Thapsigargin suppresses porcine hemagglutinating encephalomyelitis virus replication by disrupting host energy metabolism

Coronaviruses (CoVs) are a large family of human and animal pathogens that cause significant health and economic burdens worldwide. Thapsigargin (Tg) is a plant-derived sesquiterpene lactone with potent Antiviral effects; however, the underlying mechanism remains unclear. Here, we show that Tg exhibited strong Antiviral activity against the neurotropic swine CoV porcine hemagglutinating encephalomyelitis virus (PHEV) both in vivo and in vitro. Tg also exhibited inhibitory activity against Other three swine coronaviruses in cell lines. Specifically, Tg treatment significantly inhibited the replication and transcription of genomic RNA in the viral life cycle but did not directly inactivate PHEV. Transcriptome analysis and glycolysis/mitochondrial stress testing confirmed that Tg alters intracellular metabolic flux, and suppresses glycolysis and Oxidative Phosphorylation (OXPHOS). Furthermore, metabolic reprogramming is associated with the Antiviral effect of Tg and is required for productive PHEV Infection.

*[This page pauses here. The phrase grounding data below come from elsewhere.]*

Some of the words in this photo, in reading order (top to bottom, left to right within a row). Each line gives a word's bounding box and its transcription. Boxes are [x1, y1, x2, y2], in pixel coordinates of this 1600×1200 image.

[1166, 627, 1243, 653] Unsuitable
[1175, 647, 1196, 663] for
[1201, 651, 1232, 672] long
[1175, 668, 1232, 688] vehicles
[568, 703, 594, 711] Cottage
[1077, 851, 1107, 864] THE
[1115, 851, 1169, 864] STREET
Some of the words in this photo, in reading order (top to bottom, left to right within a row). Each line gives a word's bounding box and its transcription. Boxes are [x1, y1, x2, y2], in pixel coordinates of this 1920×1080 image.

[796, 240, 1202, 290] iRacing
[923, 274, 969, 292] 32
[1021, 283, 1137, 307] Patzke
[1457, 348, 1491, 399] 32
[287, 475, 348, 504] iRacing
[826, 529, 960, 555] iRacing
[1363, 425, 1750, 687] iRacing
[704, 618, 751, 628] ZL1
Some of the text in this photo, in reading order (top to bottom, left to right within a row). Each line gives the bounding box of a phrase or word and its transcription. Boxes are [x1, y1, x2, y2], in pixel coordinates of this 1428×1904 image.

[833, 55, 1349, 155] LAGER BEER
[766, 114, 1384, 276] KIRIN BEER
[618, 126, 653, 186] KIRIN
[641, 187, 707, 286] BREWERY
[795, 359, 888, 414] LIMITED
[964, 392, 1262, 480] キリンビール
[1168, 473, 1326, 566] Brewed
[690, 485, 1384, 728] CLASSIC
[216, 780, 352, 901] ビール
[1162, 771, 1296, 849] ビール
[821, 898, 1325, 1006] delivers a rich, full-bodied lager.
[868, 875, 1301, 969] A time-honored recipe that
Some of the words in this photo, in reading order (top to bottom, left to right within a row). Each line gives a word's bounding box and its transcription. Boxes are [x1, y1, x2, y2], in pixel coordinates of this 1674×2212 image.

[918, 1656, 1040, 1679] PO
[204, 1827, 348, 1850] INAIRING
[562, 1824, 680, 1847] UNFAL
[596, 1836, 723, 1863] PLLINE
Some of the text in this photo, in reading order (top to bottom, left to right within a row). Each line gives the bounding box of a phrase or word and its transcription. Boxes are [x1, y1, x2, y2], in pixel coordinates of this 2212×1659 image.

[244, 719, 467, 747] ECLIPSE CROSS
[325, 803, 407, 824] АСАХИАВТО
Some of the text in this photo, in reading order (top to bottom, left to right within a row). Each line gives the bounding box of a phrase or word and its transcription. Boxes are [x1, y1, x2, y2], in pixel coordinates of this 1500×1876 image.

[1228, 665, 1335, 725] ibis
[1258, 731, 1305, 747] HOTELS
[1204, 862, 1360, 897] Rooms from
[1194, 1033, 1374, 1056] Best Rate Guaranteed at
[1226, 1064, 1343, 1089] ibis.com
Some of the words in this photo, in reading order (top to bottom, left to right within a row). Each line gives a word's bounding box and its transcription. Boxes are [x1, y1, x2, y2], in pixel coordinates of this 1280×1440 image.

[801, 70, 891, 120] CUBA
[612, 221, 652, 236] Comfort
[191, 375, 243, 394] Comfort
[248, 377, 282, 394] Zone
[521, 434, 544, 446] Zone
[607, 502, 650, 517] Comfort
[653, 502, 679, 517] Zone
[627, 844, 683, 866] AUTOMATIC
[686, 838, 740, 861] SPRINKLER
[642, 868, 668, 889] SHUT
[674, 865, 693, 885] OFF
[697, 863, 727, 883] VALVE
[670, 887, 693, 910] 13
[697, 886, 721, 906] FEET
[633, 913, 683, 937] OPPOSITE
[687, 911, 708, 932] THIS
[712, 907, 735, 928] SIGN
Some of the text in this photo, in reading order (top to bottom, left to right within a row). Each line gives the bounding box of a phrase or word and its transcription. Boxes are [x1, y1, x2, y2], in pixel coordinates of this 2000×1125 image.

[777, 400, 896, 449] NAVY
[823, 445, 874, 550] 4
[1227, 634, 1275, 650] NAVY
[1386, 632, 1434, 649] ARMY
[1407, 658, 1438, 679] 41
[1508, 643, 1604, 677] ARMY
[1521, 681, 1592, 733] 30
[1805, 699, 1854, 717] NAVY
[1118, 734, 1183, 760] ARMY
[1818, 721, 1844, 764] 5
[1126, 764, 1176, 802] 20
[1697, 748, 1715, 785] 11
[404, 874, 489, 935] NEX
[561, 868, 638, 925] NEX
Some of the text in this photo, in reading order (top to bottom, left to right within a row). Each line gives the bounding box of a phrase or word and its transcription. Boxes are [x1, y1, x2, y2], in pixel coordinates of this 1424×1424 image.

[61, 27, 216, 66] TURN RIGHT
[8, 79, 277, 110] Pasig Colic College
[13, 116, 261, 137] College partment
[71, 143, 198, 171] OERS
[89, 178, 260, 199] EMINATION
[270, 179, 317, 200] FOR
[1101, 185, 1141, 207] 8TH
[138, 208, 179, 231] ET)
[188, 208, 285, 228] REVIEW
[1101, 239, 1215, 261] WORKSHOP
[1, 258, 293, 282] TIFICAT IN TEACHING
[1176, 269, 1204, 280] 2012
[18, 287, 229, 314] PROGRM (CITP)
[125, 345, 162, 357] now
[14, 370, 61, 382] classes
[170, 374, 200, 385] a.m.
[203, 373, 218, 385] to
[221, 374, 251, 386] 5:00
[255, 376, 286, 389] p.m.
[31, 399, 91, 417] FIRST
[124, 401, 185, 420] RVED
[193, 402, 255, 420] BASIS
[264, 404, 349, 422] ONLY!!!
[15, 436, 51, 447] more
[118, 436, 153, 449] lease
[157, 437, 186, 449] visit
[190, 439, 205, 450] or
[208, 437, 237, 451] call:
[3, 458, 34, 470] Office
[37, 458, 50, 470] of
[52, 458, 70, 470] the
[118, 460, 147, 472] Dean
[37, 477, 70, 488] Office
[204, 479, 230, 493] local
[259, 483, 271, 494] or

Overall, our findings highlight that Tg plays a crucial role in combating viral infections by targeting host energy metabolism shared by pathogenic Microorganisms, suggesting that targeting key nodes of host metabolic processes may be a strategy for designing Antiviral drugs against coronaviruses.

Metabolic reprogramming; Porcine hemagglutinating encephalomyelitis virus (PHEV); Swine coronavirus; Thapsigargin (Tg).